The memory of last January’s playoff game between the Minnesota Vikings and the Seattle Seahawks is still fresh in the minds of players who lived through it. It was one for the record books – cold that resulted in players getting the symptoms of frostbite and fans being bundled up as much as humanly possible to say they attended the first playoff game of the Mike Zimmer administration and the last game played by the Vikings at TCF Bank Stadium.
On Sunday, the forecast is calling for it to be as bad or worse for playing football than that game, but this time around the Vikings have U.S. Bank Stadium as their home. Otherwise, players would be enduring a high temperature of 5-below zero with wind chills well into the double-digits below zero.
The deep freeze that much of the country is going be facing this weekend will be its own version of the 12th Man – an outside force having an impact on a game being played.
Minnesota is under a winter storm warning today with the expectation of 6-10 inches of snow falling before all is said and done. After that, bone-chilling temperatures are going to take over.
For a team like the Green Bay Packers, who will be playing in Chicago, where the forecast is calling for a game-time temperature at or around zero, the weather could play as much a role as Aaron Rodgers.
In many ways, it’s a shame that the weather can be a determining factor as to who wins or who loses a game. It’s nothing new to the NFL experience. The Los Angeles Rams of winning vintage saw their Super Bowl dreams routinely die when they had to come to Minnesota in January to face the Vikings four decades ago. Many of the old-school rivalries in the NFL faced the same issue – warm-weather teams traveling to cold-weather cities to face the elements as well as their opponent.
We’ve already seen weather play a critical role in games of postseason importance, as snow has limited some games to being run-first, run-second, run-often type of affairs.
As the Vikings try to make a playoff push, the last thing they need would be a game that could be impacted adversely by the intangible of weather. If Sunday’s game with the Colts was to be played at TCF Bank Stadium, the majority of what had been game-planned could well be scrapped because football is a sport that lends itself to being played in bad weather, but not in dangerous conditions.
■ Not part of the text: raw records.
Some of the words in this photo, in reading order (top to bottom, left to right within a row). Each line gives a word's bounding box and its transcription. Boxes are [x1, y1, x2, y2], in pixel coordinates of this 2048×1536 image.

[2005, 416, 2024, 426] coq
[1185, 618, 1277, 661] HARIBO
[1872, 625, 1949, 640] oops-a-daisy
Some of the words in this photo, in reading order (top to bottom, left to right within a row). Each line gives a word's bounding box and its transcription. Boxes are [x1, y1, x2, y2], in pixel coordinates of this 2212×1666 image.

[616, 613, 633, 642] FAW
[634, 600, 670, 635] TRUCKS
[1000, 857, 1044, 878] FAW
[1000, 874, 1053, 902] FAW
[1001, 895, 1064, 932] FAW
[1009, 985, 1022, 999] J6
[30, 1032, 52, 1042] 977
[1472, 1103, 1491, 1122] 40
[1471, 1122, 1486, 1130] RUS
Games this weekend of playoff importance are going to be played in the ice box not only in Chicago, but in Kansas City, New York, Baltimore, Cincinnati and Washington.
For many of the teams involved, the elements are going to play as important a role as the preparation for the opponent at hand.
Fortunately for the Vikings, their playoff aspirations won’t be impacted by the projected record-setting cold. Others won’t be so lucky. It’s part of the game that is played in the NFL – a season that starts with temperatures in the 90s can be decided by games played in temperatures almost 100 degrees colder. If the Vikings win or lose Sunday, it will be based simply on their on-field performance. The seasons for other teams may well rise or fall based on how they can handle the weather extremes that will be coming this weekend, an unfair disadvantage that is part of the game and a sad reality that a season might be derailed because of the mistakes that will come from players with frozen hands trying to handle a frozen football.